In spring, after the drift ice retreats, it leaves behind nutrients that feed the local crab population. Horsehair crab season (April-May) in Abashiri produces some of the best crab in Japan — the flavour is noticeably richer than what you’ll find in Sapporo’s tourist restaurants.
Getting there: Memanbetsu Airport (domestic flights from Tokyo and Sapporo), then 26-minute bus to Abashiri. Or JR train from Sapporo (~5.5 hours) or Kitami (~50 minutes). Covered by the JR Hokkaido Rail Pass.
Book a drift ice cruise: Klook
Shiretoko Peninsula — Japan’s Last Wilderness

A UNESCO World Heritage Site since 2005, Shiretoko is one of the least-developed stretches of coastline in the developed world. Brown bears fish for salmon in the rivers, Steller’s sea eagles patrol the cliffs, and the forest has never been commercially logged. The name comes from the Ainu word “sir etok” meaning “the place where the earth protrudes” — the peninsula juts into the sea like a finger pointing at Russia.
In summer, hiking trails access waterfalls (Kamuiwakka Hot Falls, where a waterfall feeds natural hot spring pools you can bathe in), the Five Lakes boardwalk, and boat cruises along the wild western coast.
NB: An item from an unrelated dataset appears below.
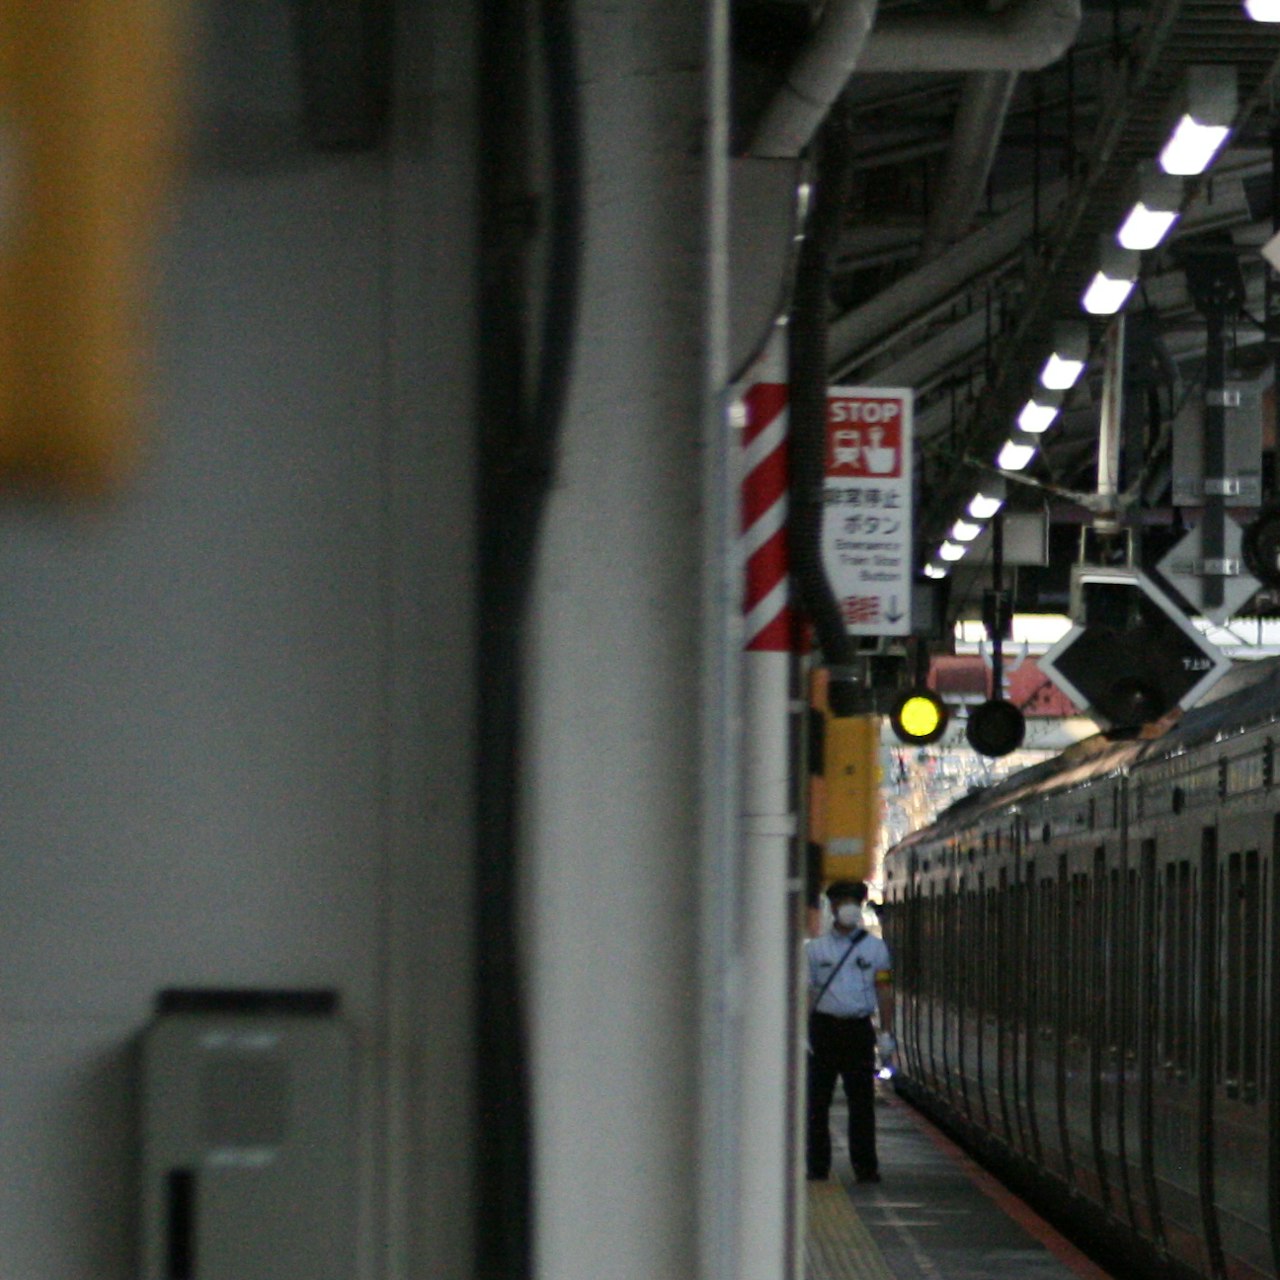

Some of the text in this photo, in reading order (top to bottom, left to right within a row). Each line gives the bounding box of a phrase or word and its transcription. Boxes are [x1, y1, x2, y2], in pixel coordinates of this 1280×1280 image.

[831, 402, 899, 422] STOP
[845, 516, 900, 535] ボタン
Bear sightings on the boat cruises are common — the guides know where to look.
In winter, drift ice walking tours let you walk on the frozen sea itself, wearing a dry suit, occasionally falling through thin sections into the water below. It sounds extreme and it sort of is — but operators have done this safely for years.
Utoro on the western side is the main tourist base. Rausu on the eastern side is quieter and more rugged, with whale-watching opportunities.
Getting there: Memanbetsu Airport, then 90-minute drive or bus to Utoro. Or JR to Shiretoko-Shari station, then bus (50 minutes to Utoro). A car makes exploring the peninsula dramatically easier.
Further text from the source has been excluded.